Material provided →
╭──

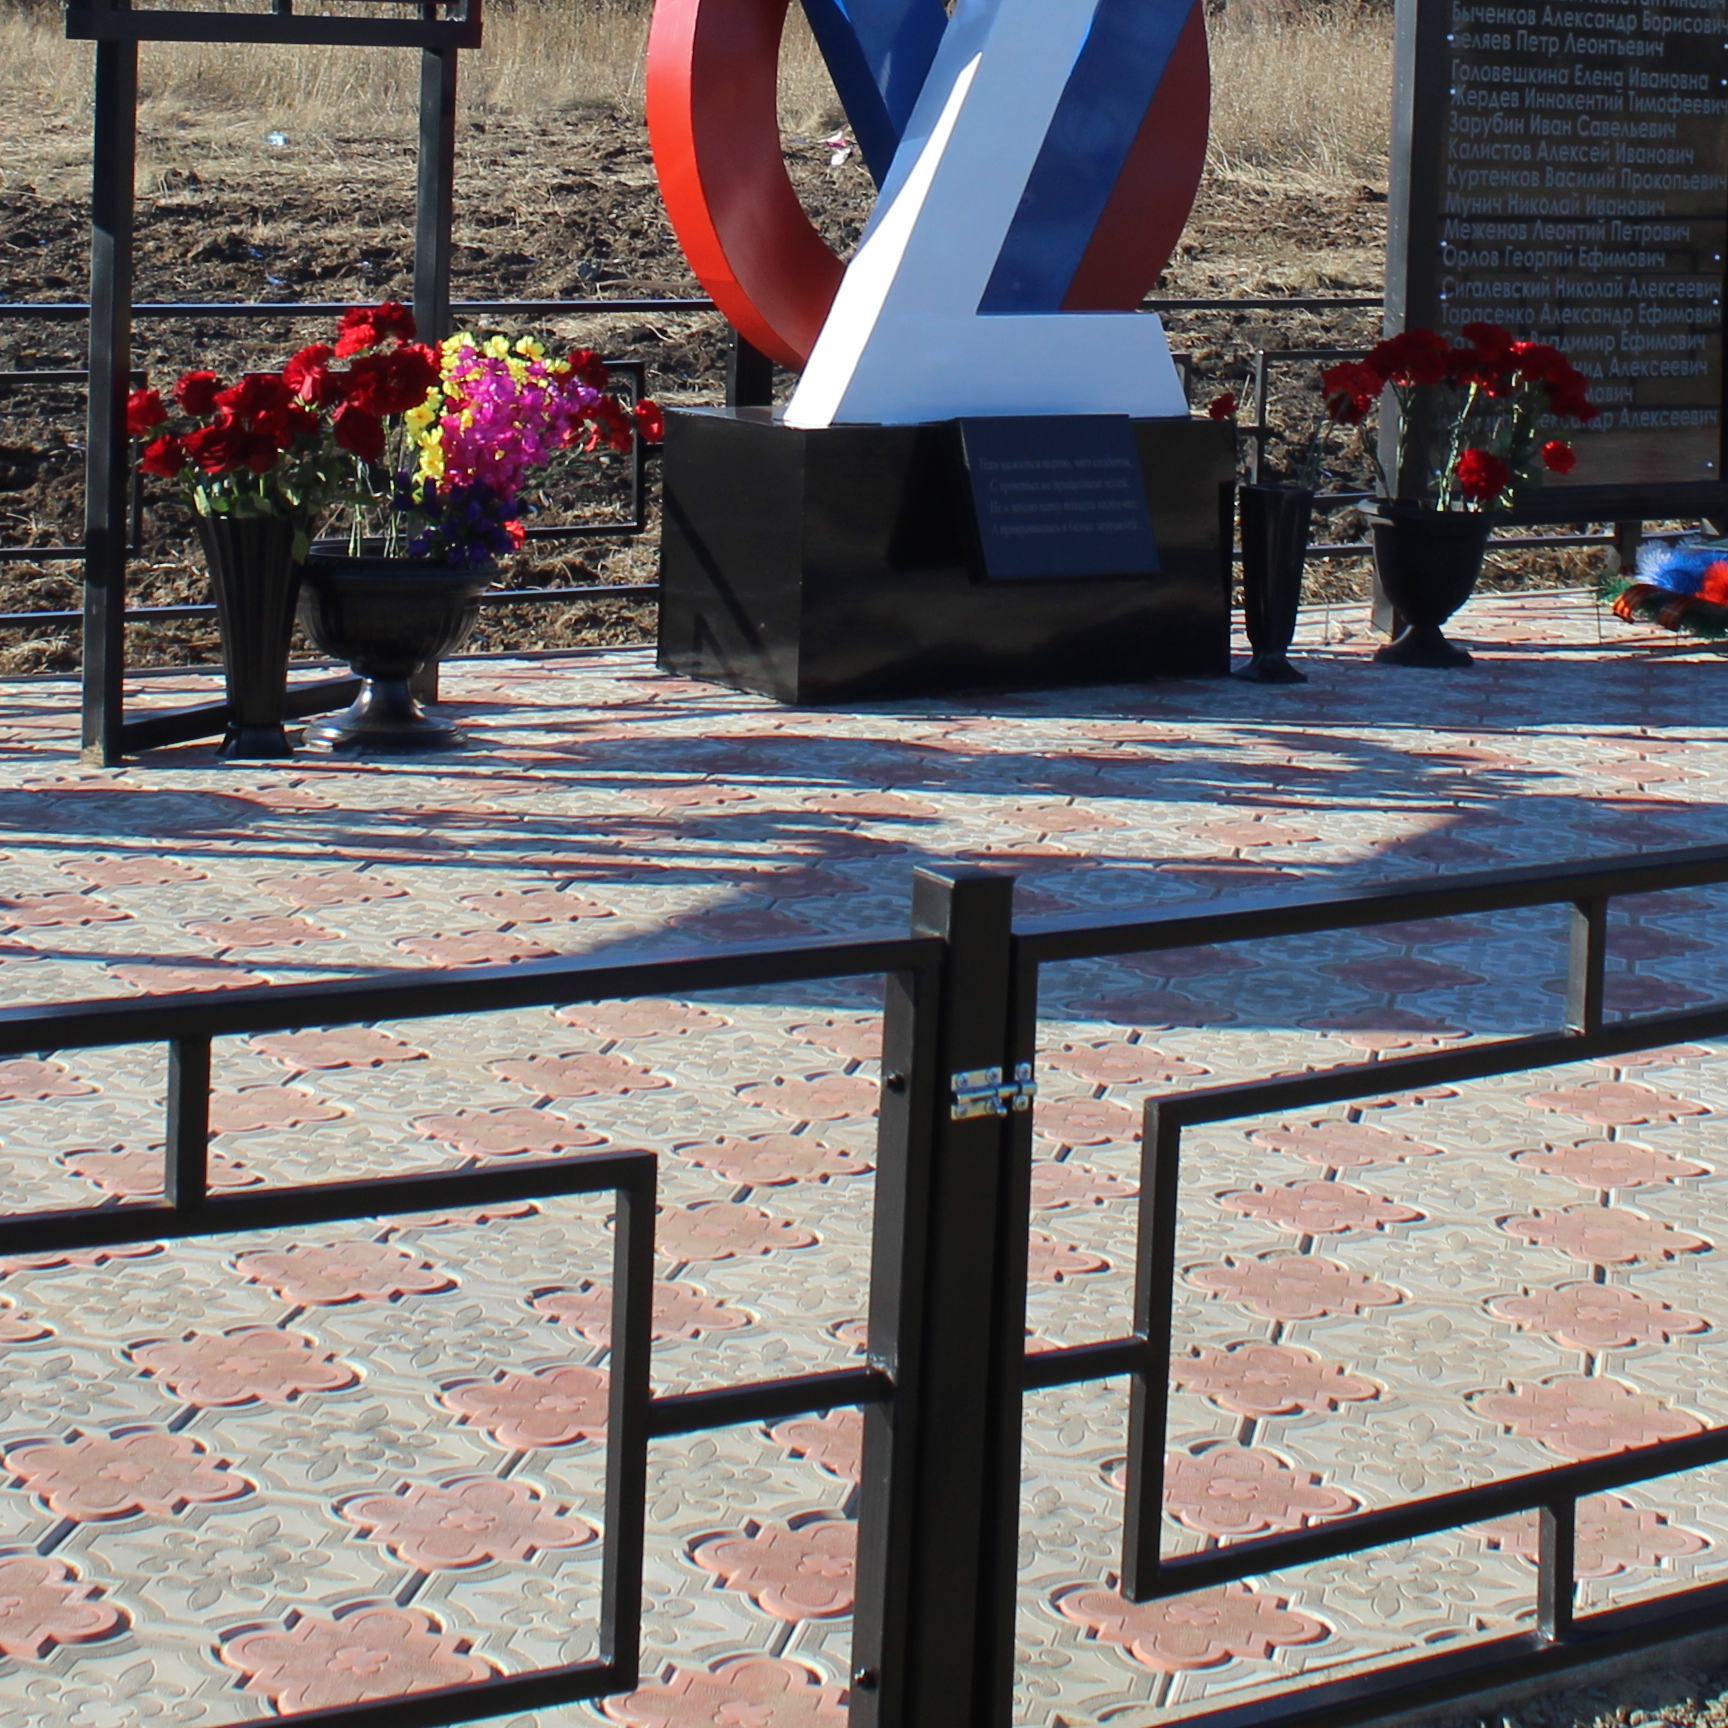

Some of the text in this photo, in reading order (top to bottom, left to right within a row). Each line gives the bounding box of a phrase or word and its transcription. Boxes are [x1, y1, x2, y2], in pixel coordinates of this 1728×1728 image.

[1451, 0, 1537, 26] Быченков
[1541, 4, 1638, 35] Александр
[1516, 29, 1559, 58] Петр
[1564, 32, 1665, 57] Леонтьевич
[1451, 58, 1710, 91] Головешкина Елена Ивановна
[1450, 84, 1520, 112] Жердев
[1524, 87, 1624, 113] Иннокентий
[1449, 110, 1677, 139] Зарубин Иван Савельевич
[1447, 137, 1694, 165] Калистов Алексей Иванович
[1446, 163, 1728, 194] Куртенков Василий Прокопьевич
[1444, 191, 1666, 218] Мунич Николай Иванович
[1443, 218, 1691, 247] Меженов Леонтий Петрович
[1442, 244, 1666, 272] Орлов Георгий Ефимович
[1441, 275, 1721, 299] Сигалевский Николай Алексеевич
[1441, 302, 1721, 328] Тарасенко Александр Ефимович
[1621, 330, 1706, 356] Ефимович
[1609, 356, 1708, 377] Алексеевич
[1619, 407, 1719, 428] Алексеевич
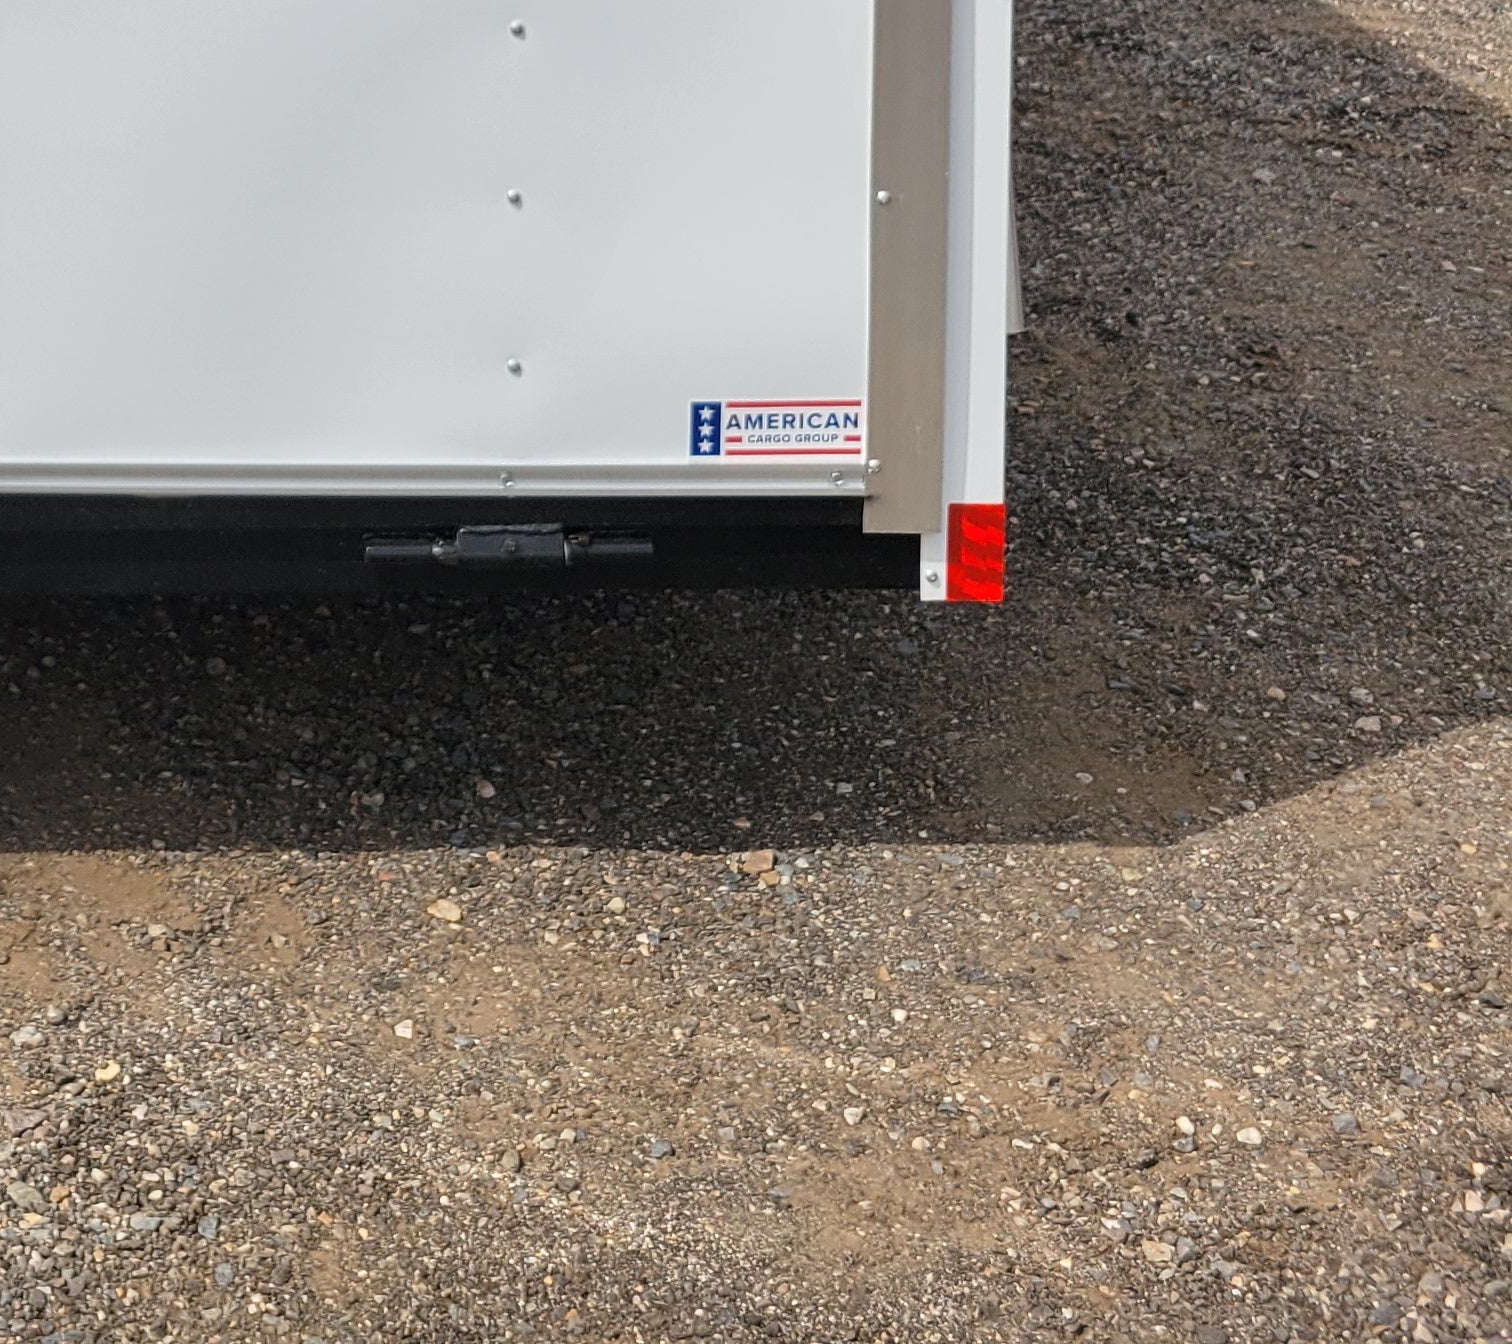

╰──

Activity → Each entry, start to finish, goes into your copy exactly; the pictures stay out.

Task output →
Some of the text in this photo, in reading order (top to bottom, left to right within a row). Each line gives the bounding box of a phrase or word and its transcription. Boxes are [x1, y1, x2, y2], in pixel coordinates of this 1728×1728 image.

[1451, 0, 1537, 26] Быченков
[1541, 4, 1638, 35] Александр
[1516, 29, 1559, 58] Петр
[1564, 32, 1665, 57] Леонтьевич
[1451, 58, 1710, 91] Головешкина Елена Ивановна
[1450, 84, 1520, 112] Жердев
[1524, 87, 1624, 113] Иннокентий
[1449, 110, 1677, 139] Зарубин Иван Савельевич
[1447, 137, 1694, 165] Калистов Алексей Иванович
[1446, 163, 1728, 194] Куртенков Василий Прокопьевич
[1444, 191, 1666, 218] Мунич Николай Иванович
[1443, 218, 1691, 247] Меженов Леонтий Петрович
[1442, 244, 1666, 272] Орлов Георгий Ефимович
[1441, 275, 1721, 299] Сигалевский Николай Алексеевич
[1441, 302, 1721, 328] Тарасенко Александр Ефимович
[1621, 330, 1706, 356] Ефимович
[1609, 356, 1708, 377] Алексеевич
[1619, 407, 1719, 428] Алексеевич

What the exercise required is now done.